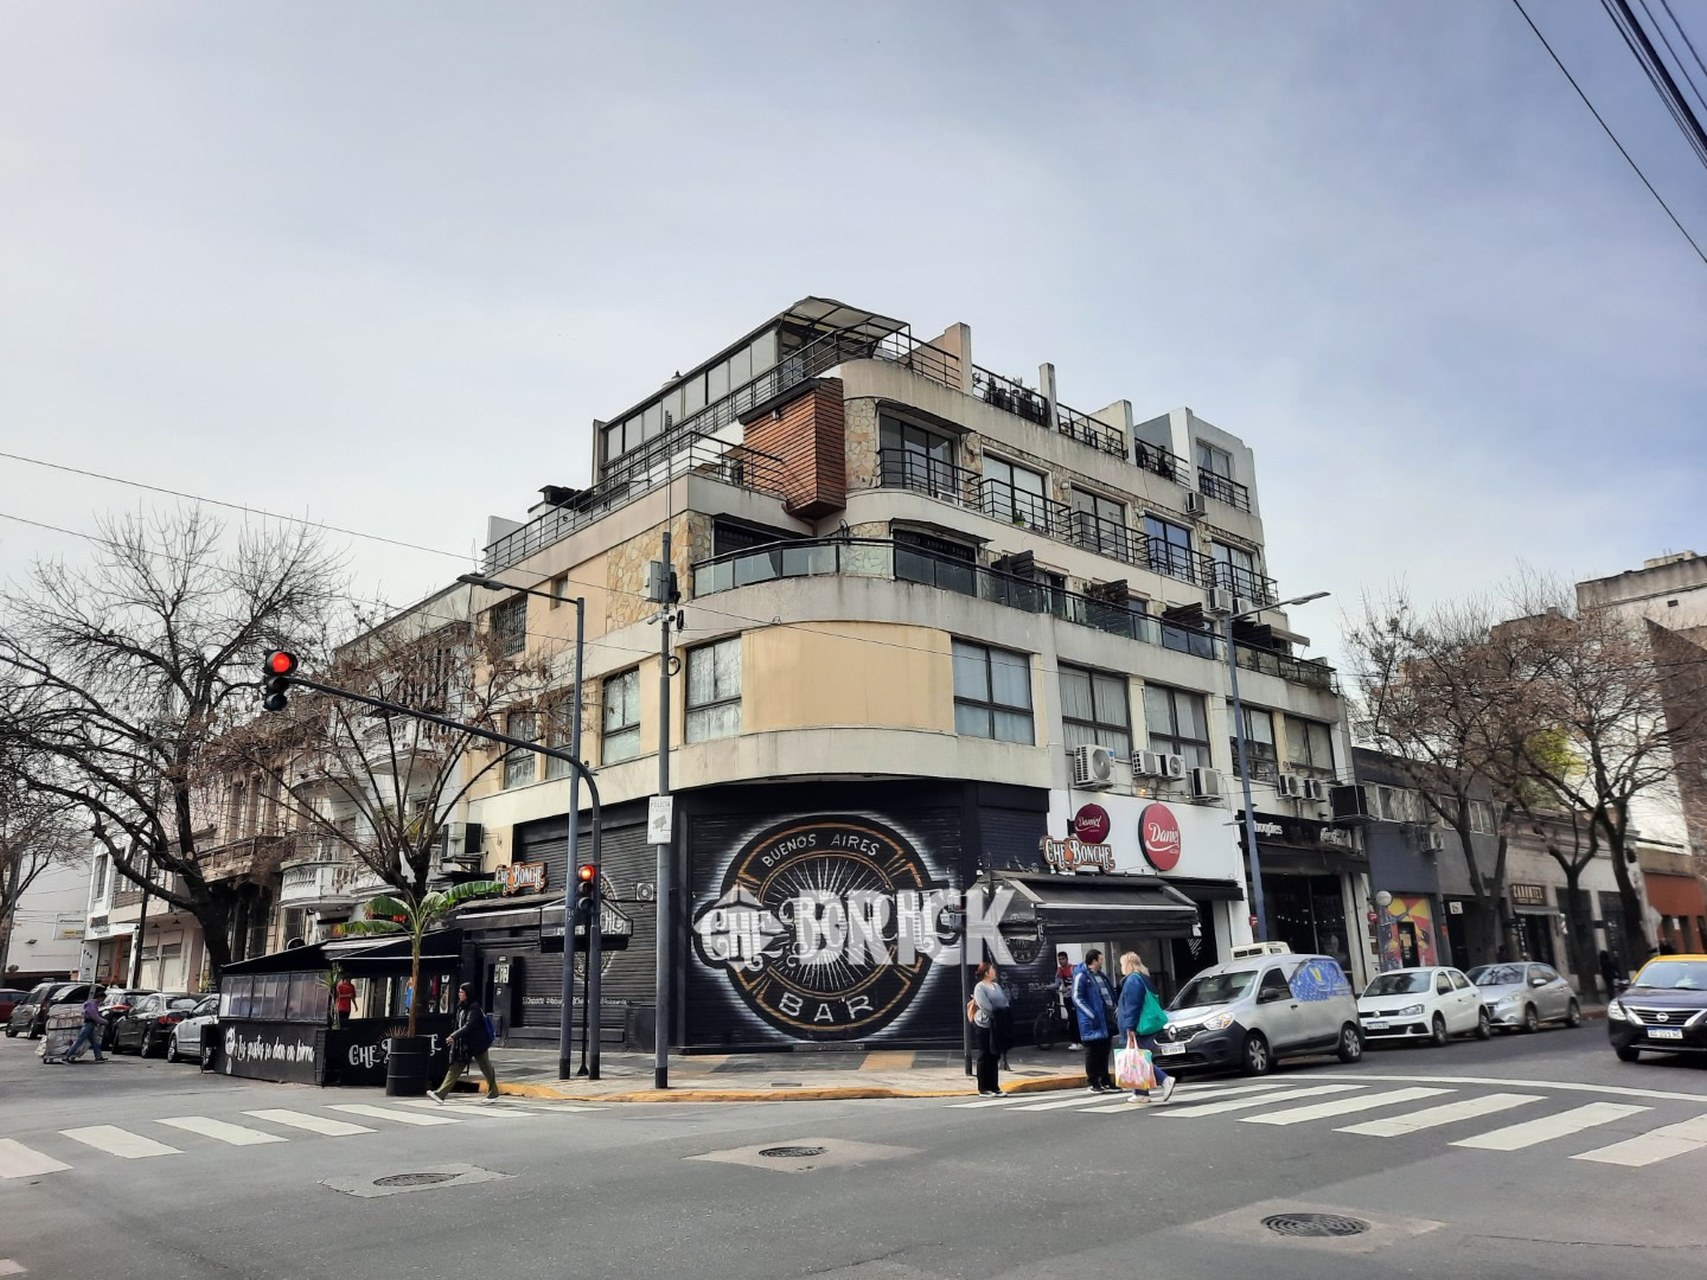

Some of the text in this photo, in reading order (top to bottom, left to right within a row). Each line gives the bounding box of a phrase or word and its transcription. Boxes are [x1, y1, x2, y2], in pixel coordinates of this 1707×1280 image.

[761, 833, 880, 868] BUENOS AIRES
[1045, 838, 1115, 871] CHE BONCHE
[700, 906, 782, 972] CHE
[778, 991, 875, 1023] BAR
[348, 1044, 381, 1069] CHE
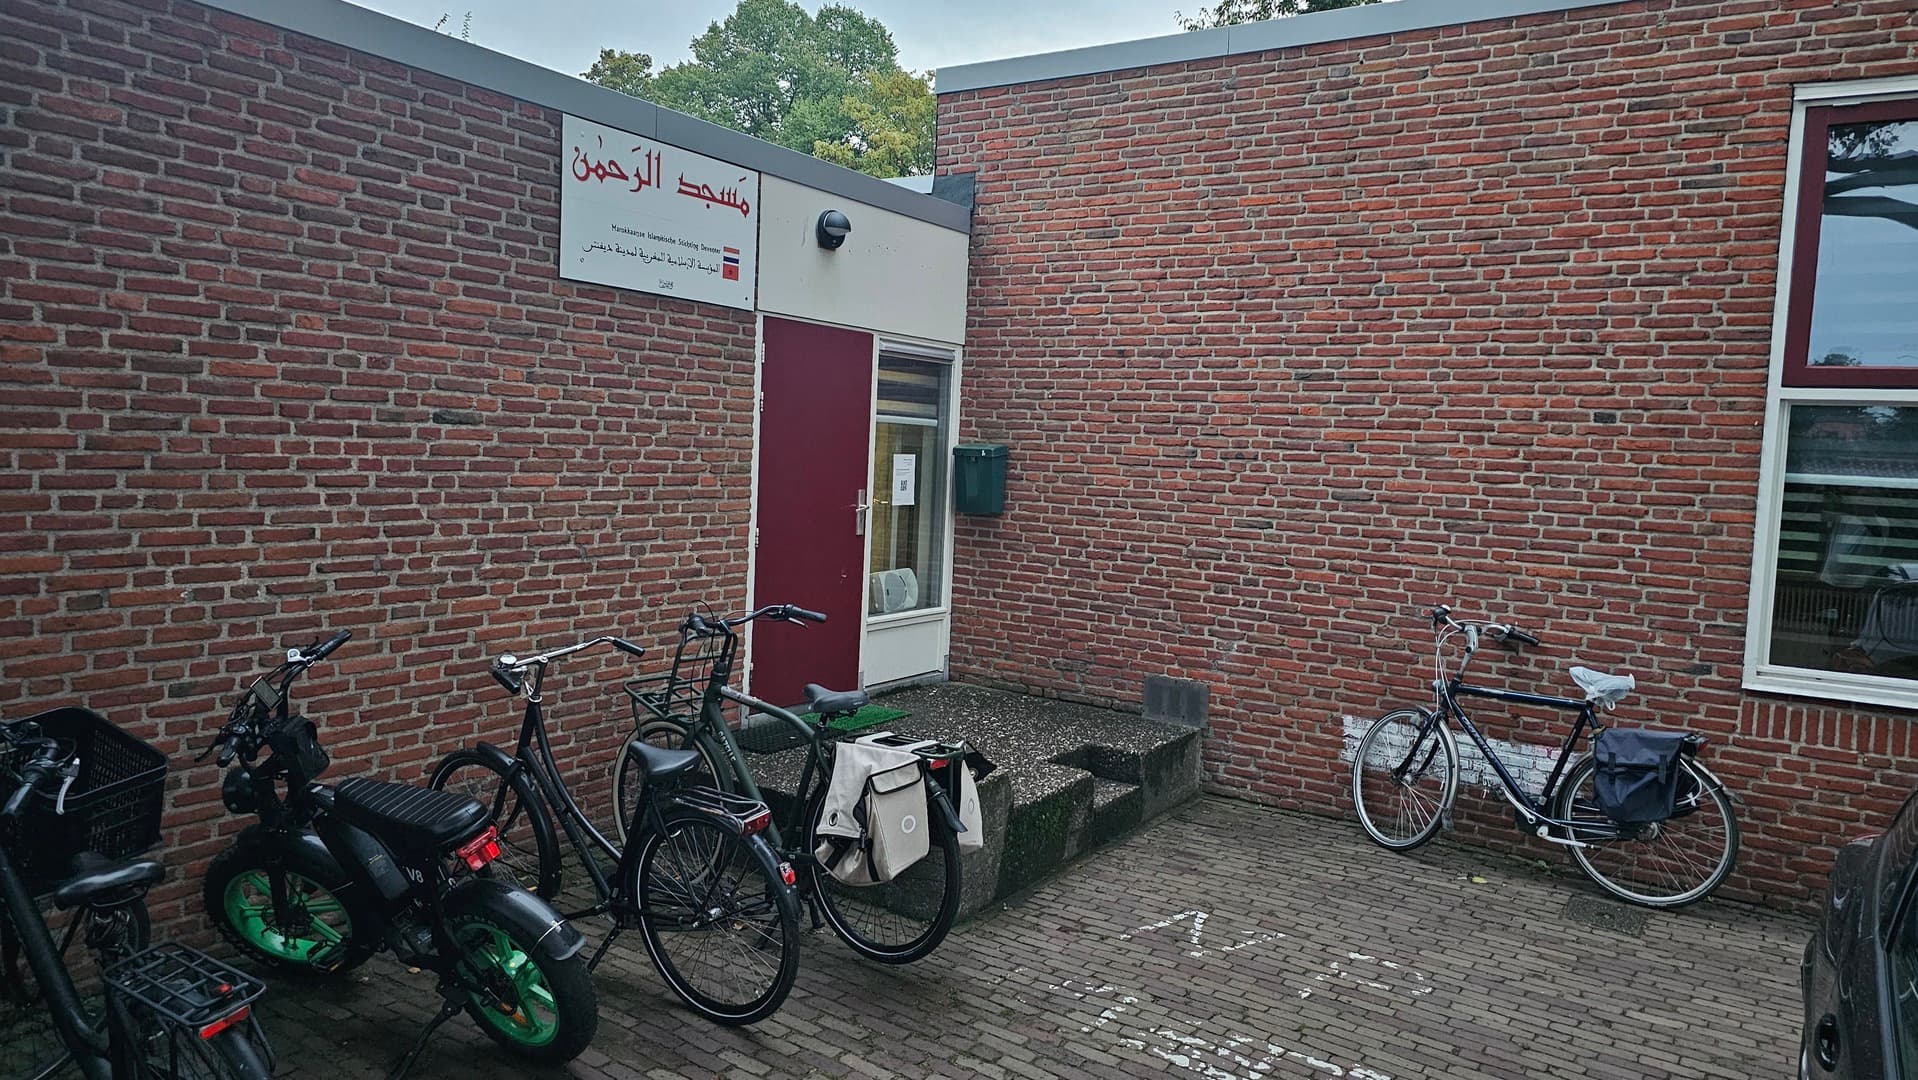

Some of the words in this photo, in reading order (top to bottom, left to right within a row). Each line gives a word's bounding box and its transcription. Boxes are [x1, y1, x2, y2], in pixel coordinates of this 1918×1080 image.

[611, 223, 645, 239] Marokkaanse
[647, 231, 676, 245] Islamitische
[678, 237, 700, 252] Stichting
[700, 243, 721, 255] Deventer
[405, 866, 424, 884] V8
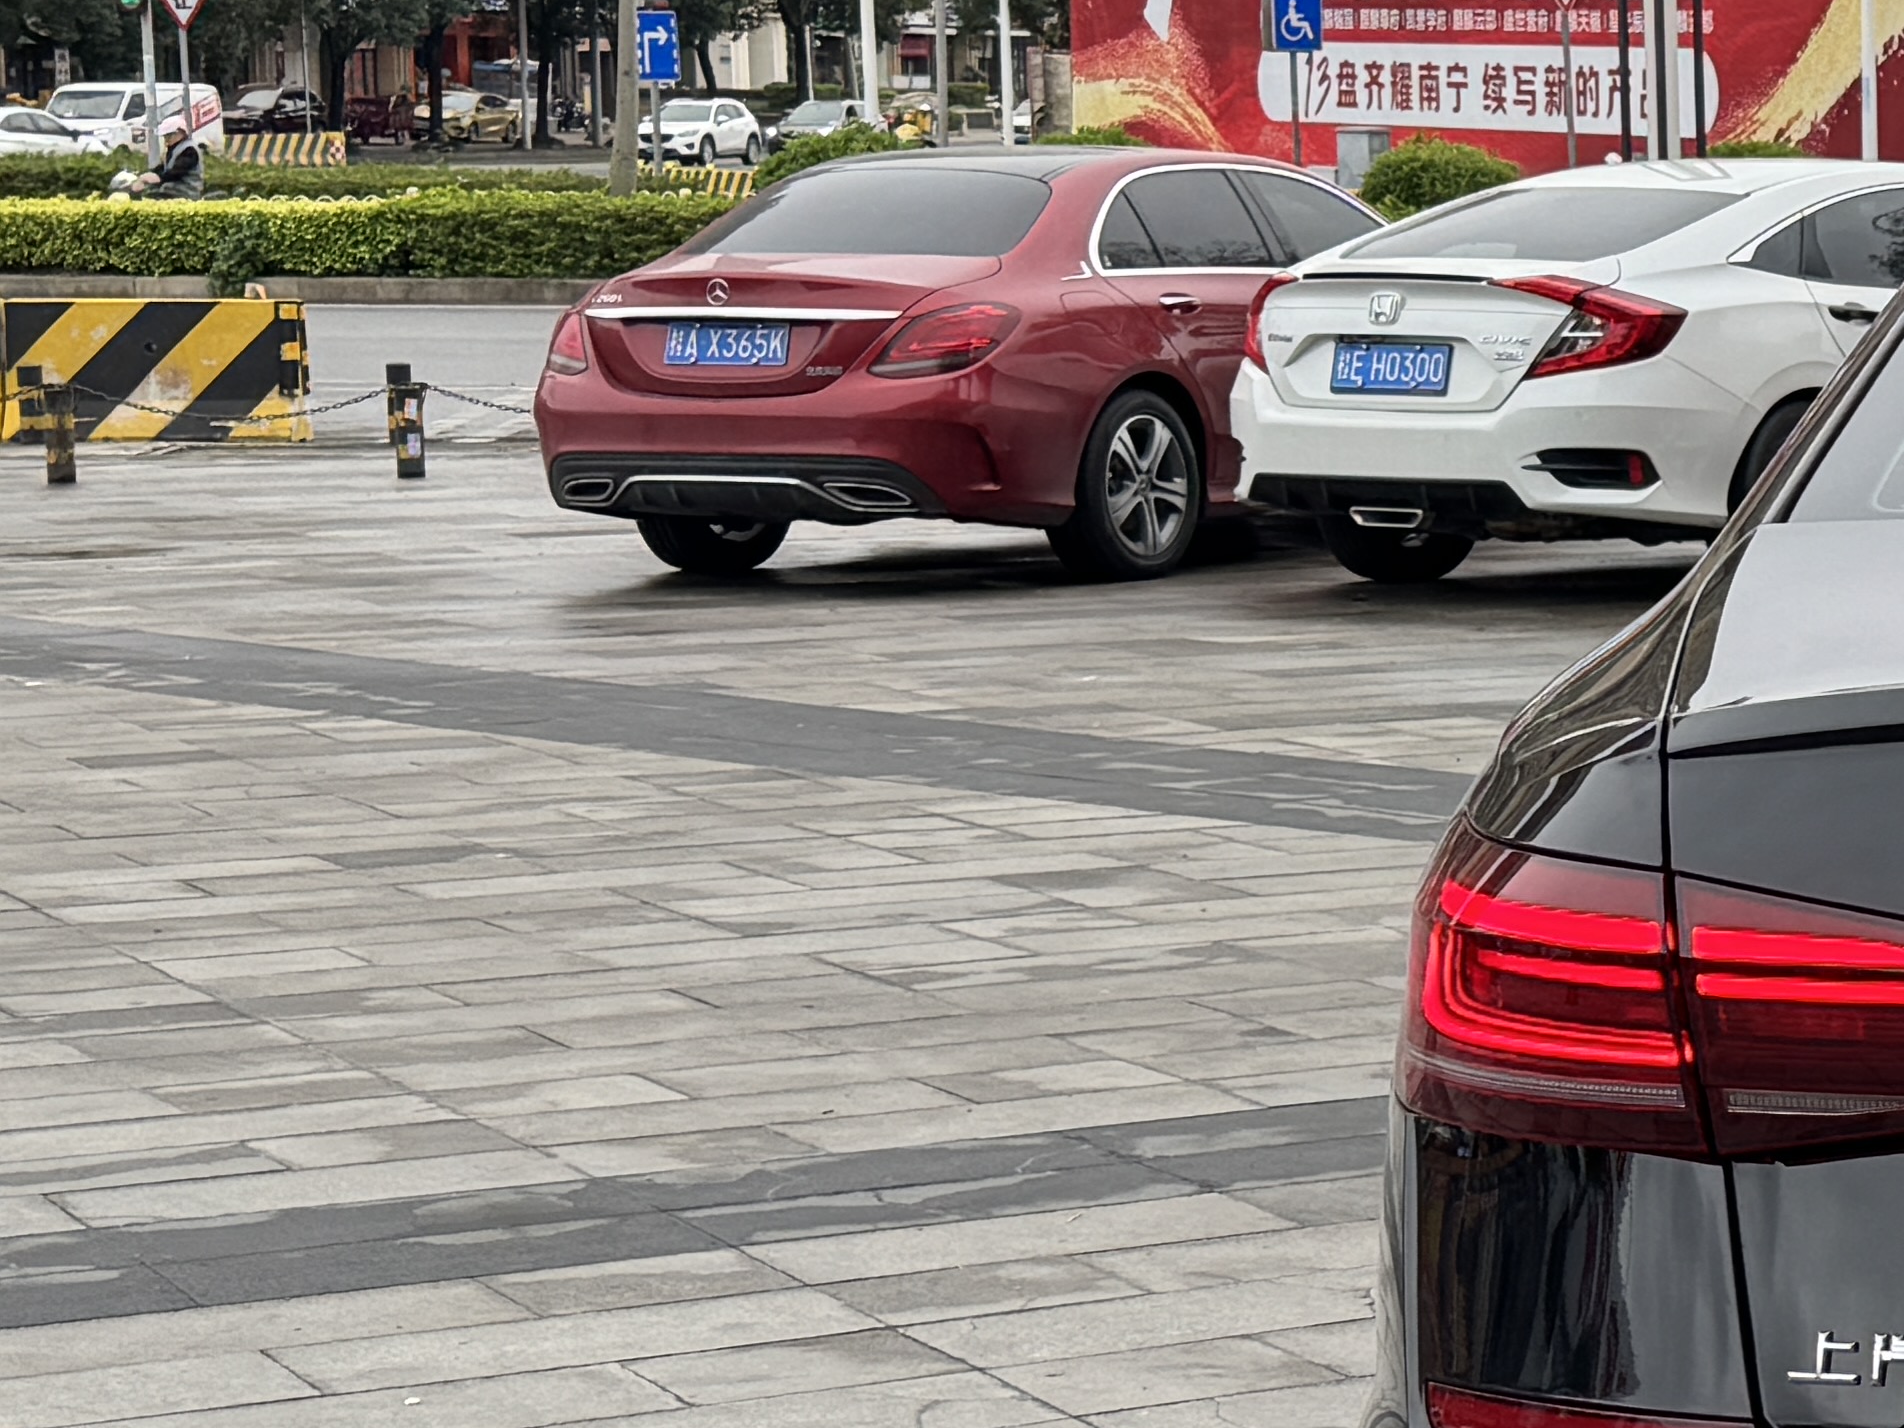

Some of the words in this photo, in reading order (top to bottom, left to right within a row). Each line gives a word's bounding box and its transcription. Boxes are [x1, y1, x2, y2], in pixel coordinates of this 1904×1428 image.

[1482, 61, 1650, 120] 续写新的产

### Action item
All of the material above is to be copied exactly, except for its images.

### Response to the task
Some of the text in this photo, in reading order (top to bottom, left to right within a row). Each line gives the bounding box of a phrase or word and its transcription. Boxes are [x1, y1, x2, y2], in pixel coordinates of this 1707×1280 image.

[761, 833, 880, 868] BUENOS AIRES
[1045, 838, 1115, 871] CHE BONCHE
[700, 906, 782, 972] CHE
[778, 991, 875, 1023] BAR
[348, 1044, 381, 1069] CHE

Some of the words in this photo, in reading order (top to bottom, left to right within a row). Each line gives a word's bounding box and its transcription. Boxes are [x1, y1, x2, y2], in pixel coordinates of this 1918×1080 image.

[611, 223, 645, 239] Marokkaanse
[647, 231, 676, 245] Islamitische
[678, 237, 700, 252] Stichting
[700, 243, 721, 255] Deventer
[405, 866, 424, 884] V8

Some of the words in this photo, in reading order (top to bottom, left to right within a row). Each line gives a word's bounding box and its transcription. Boxes are [x1, y1, x2, y2], in pixel coordinates of this 1904×1428 image.

[1482, 61, 1650, 120] 续写新的产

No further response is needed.